Legacy of the Dead - Charles Todd [143]
He was dying.
Hamish was like a trumpet in his head. “You will no’ die. Do you hear me? You willna’ die!”
“You’re already dead, Corporal. You can’t stop me.” Rutledge was finding it hard to concentrate.
“You willna’ die! I willna’ let you die!”
The sound of the pipes had begun to fade. Rutledge thought, The funeral is over—they’ve buried Hamish. Hamish is dead, and I’m to blame—I’ve killed him. But where had this chair come from? They didn’t have chairs at the Front—
The fire in his chest was smothering him.
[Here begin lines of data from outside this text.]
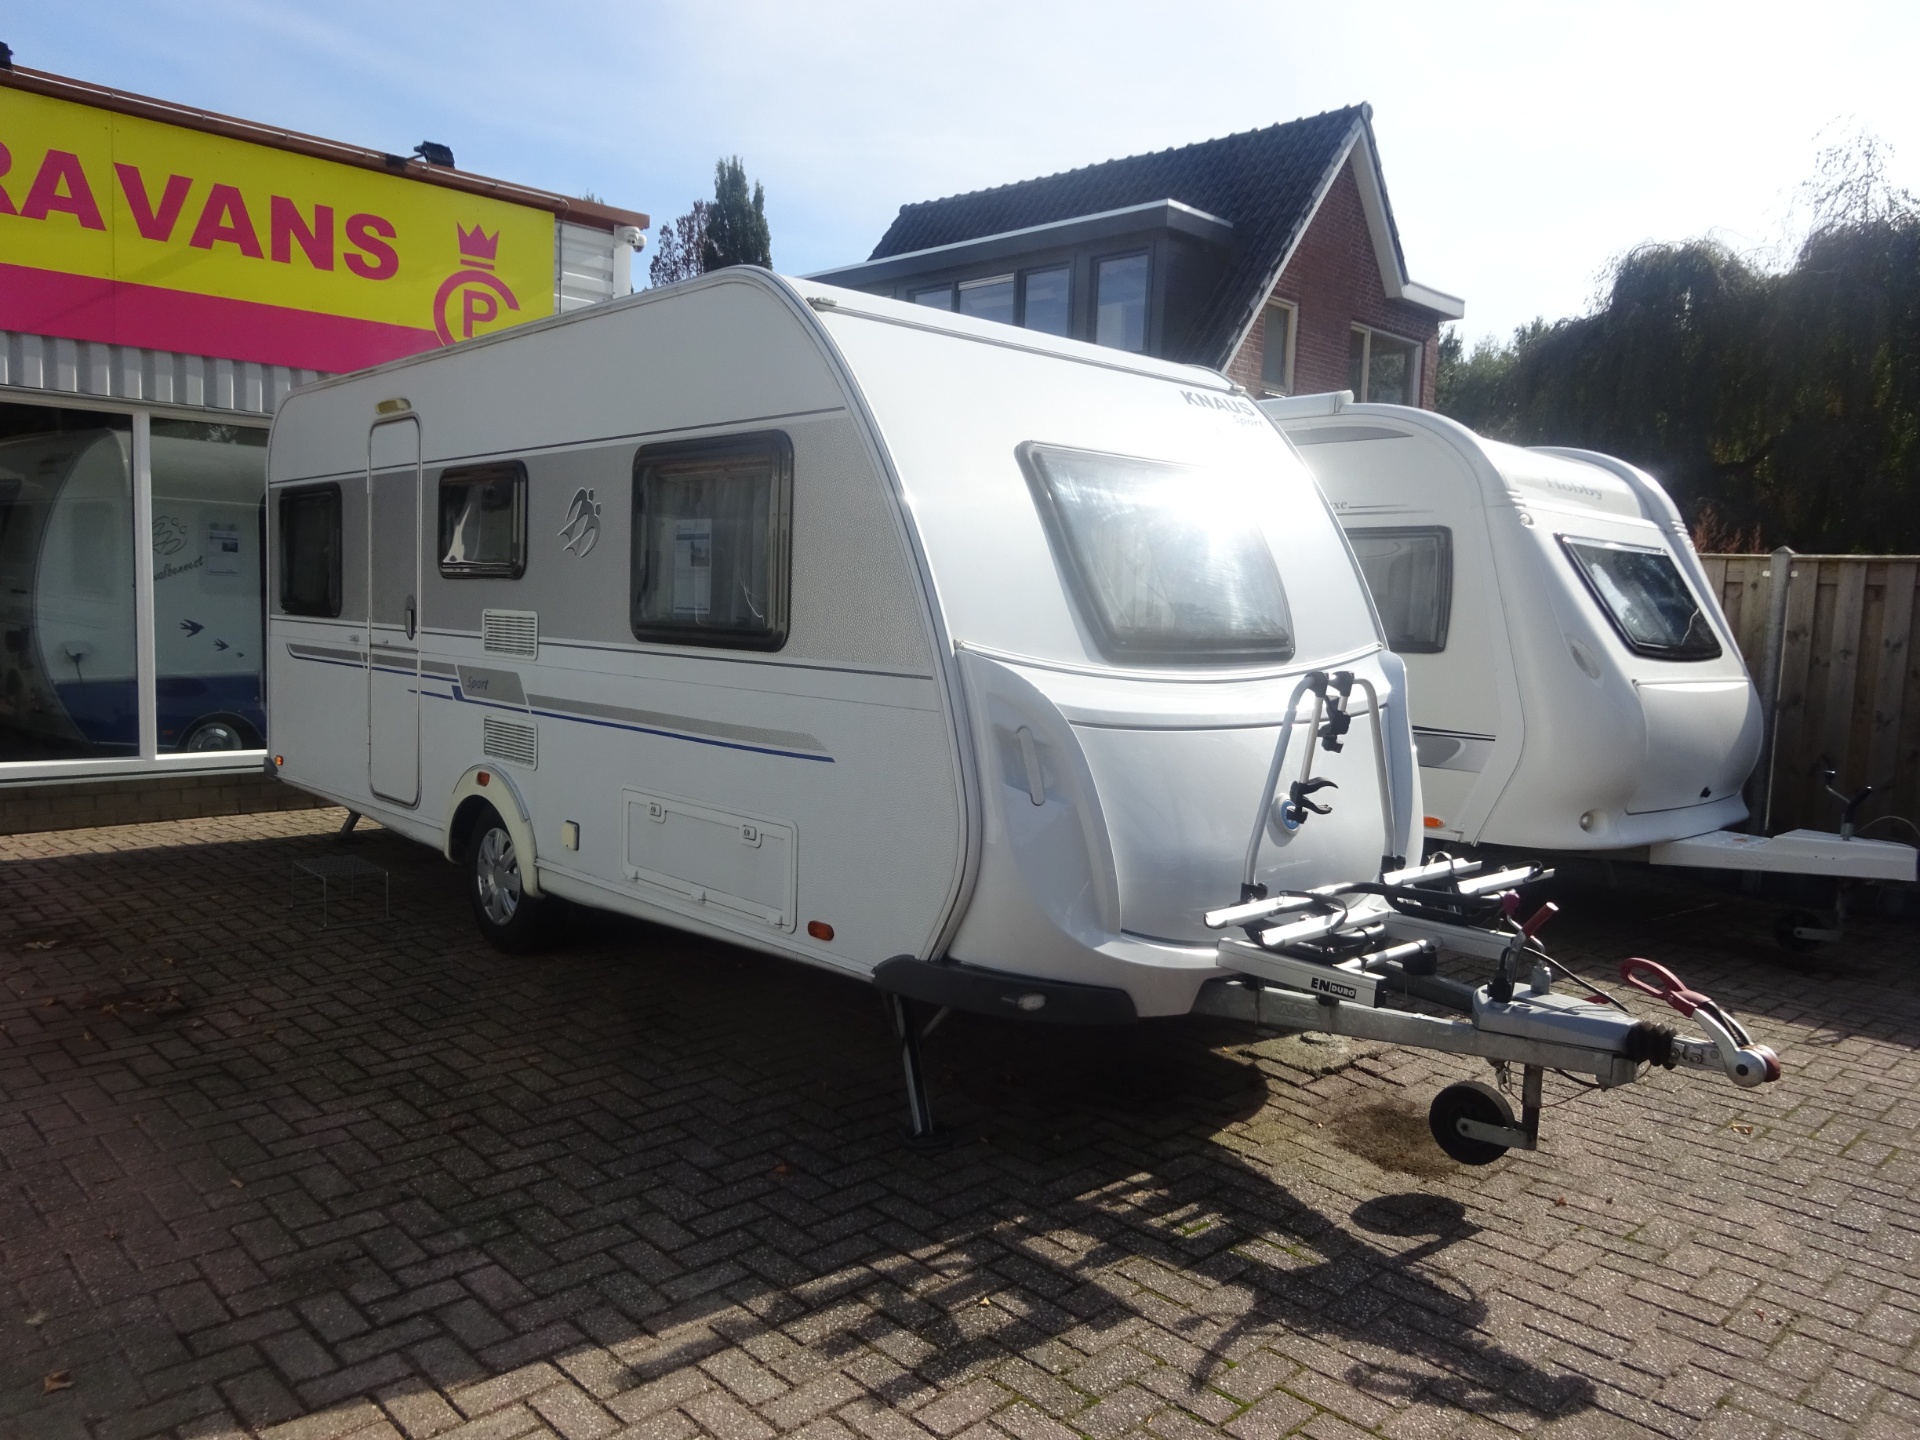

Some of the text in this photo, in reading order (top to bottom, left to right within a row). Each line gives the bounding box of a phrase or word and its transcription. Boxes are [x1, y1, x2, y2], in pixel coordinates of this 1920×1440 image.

[0, 142, 399, 281] AVANS
[1179, 390, 1255, 417] KNAUS
[1232, 415, 1264, 429] Sport
[1544, 476, 1602, 500] Hobby
[467, 676, 489, 691] Sport
[1311, 977, 1356, 999] ENDURO
He could feel Hamish taking hold of him.
It was what Rutledge had feared for such a long time that now he was grateful for the dark so that he didn’t have to look up and see the dreaded face bending over him. He said to Hamish, “It’s too late. I’m dead. You can’t touch me now. I’m free of you—”
“YOU SHALL NOT DIE!”
30
IN THE LAMPLIT DRUMMOND PARLOR, THE TICKING OF the mantel clock competed with the soft patter of rain beyond the lacy curtains and glass panes that shut out the night. The soothing quiet was broken only by the dry rustle of the Edinburgh paper Drummond was reading and the regular click of his sister’s ivory knitting needles. It was late, the child already asleep, the clock’s hands nearly touching half past the hour of eleven.
A sound, heavily muffled but unmistakable, brought Drummond to his feet, the newspaper flying in all directions.
A shot—
He waited, but only for an instant. The image in his mind sent him headlong out into the small hallway. Brushing past the mirrored hat stand, he flung open the outer door and plunged into the rain, running hard.
His sister, calling his name, reached the door he’d left standing wide and leaned out, demanding to know what he thought he was doing.
Over his shoulder he shouted, “Go back inside, woman!”
But at the door of The Reivers, Drummond stopped, putting out his hand cautiously to touch the latch.
He’d seen her only that morning, she’d surely do nothing so rash—it wouldn’t save Fiona—
The latch lifted, and his heart began to thud.
She had the other key—
Kicking off his shoes, he swung the door open, tensed for whatever stood behind it. What if there were the two of them here—what if she had shot him? They’d hang her too!
Nothing happened. There was nothing in the darkness.
He listened intently, begging the silence to talk to him, to tell him if one person—or two—had come here. . . .
No sound except for his own breathing, and the blowing of the rain against his back. The wind was picking up a little; he could feel it across his shoulders.
Making his way into the entry, he moved forward one step at a time, soft-footed in his stocking feet. The hair on the back of his neck standing on end, his eyes wide against the pitch-blackness, concentrating on the stairs just ahead of him.
But it wasn’t dark enough here—
Another step. On his wet skin he could feel the air from the open door that led from the family’s quarters into the side of the bar.
It had been closed before—he’d closed it when he fed the white cat.
Stretching out his hand, he could feel the frame of the door. Moving cautiously, he leaned forward to stare into the bar.
For an instant he thought he heard a word spoken softly.
A white smudge on the floor at the far end of the bar— The cat, then.
He took another step, unsure where the voice had come from, and in the same instant, his toe nudged something blocking the threshold, immovable, nearly tripping him up.
Startled, Drummond dropped swiftly to his knees, praying hard now.
“Don’t let it be her—please, God—”
His fingers found the rough fabric of a man’s overcoat.
A sudden gust of wind and rain blew into the open doorway behind him, shaking him, crouched and defenseless there. He flinched away.
Even as he realized that it was only the rain, his heart seemed to choke him, rising in his throat like a stone.
He reached for the coat again, found an arm—the warm blood soaking a shoulder—a face. Trying hard to find a pulse, he thought, She has shot him—not herself.